**Instructions to follow:** Return every record exactly as it appears. Leave nothing out.

**The data:**
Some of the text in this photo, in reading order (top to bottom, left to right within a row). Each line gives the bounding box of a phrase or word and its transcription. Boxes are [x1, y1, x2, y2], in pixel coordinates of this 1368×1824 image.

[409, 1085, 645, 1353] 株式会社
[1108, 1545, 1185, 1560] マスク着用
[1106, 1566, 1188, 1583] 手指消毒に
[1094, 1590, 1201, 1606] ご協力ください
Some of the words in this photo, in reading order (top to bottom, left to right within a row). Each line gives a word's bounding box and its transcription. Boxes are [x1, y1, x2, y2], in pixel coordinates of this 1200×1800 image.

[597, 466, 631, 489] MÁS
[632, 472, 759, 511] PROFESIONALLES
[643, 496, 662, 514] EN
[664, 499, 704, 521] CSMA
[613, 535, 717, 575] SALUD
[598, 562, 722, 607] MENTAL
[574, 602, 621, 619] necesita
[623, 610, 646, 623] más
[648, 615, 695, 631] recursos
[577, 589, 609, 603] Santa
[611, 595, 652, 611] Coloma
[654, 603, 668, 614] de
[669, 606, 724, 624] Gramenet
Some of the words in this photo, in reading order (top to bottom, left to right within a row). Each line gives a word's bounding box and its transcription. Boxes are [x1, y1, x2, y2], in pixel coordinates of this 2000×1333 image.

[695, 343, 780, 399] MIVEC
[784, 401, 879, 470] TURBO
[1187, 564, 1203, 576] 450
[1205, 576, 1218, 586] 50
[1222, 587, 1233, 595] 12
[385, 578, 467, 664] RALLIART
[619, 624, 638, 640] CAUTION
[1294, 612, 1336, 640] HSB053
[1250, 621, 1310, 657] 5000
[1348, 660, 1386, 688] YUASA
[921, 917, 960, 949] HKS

**Answer to the exercise:**
Some of the text in this photo, in reading order (top to bottom, left to right within a row). Each line gives the bounding box of a phrase or word and its transcription. Boxes are [x1, y1, x2, y2], in pixel coordinates of this 1368×1824 image.

[409, 1085, 645, 1353] 株式会社
[1108, 1545, 1185, 1560] マスク着用
[1106, 1566, 1188, 1583] 手指消毒に
[1094, 1590, 1201, 1606] ご協力ください
Some of the words in this photo, in reading order (top to bottom, left to right within a row). Each line gives a word's bounding box and its transcription. Boxes are [x1, y1, x2, y2], in pixel coordinates of this 1200×1800 image.

[597, 466, 631, 489] MÁS
[632, 472, 759, 511] PROFESIONALLES
[643, 496, 662, 514] EN
[664, 499, 704, 521] CSMA
[613, 535, 717, 575] SALUD
[598, 562, 722, 607] MENTAL
[574, 602, 621, 619] necesita
[623, 610, 646, 623] más
[648, 615, 695, 631] recursos
[577, 589, 609, 603] Santa
[611, 595, 652, 611] Coloma
[654, 603, 668, 614] de
[669, 606, 724, 624] Gramenet
Some of the words in this photo, in reading order (top to bottom, left to right within a row). Each line gives a word's bounding box and its transcription. Boxes are [x1, y1, x2, y2], in pixel coordinates of this 2000×1333 image.

[695, 343, 780, 399] MIVEC
[784, 401, 879, 470] TURBO
[1187, 564, 1203, 576] 450
[1205, 576, 1218, 586] 50
[1222, 587, 1233, 595] 12
[385, 578, 467, 664] RALLIART
[619, 624, 638, 640] CAUTION
[1294, 612, 1336, 640] HSB053
[1250, 621, 1310, 657] 5000
[1348, 660, 1386, 688] YUASA
[921, 917, 960, 949] HKS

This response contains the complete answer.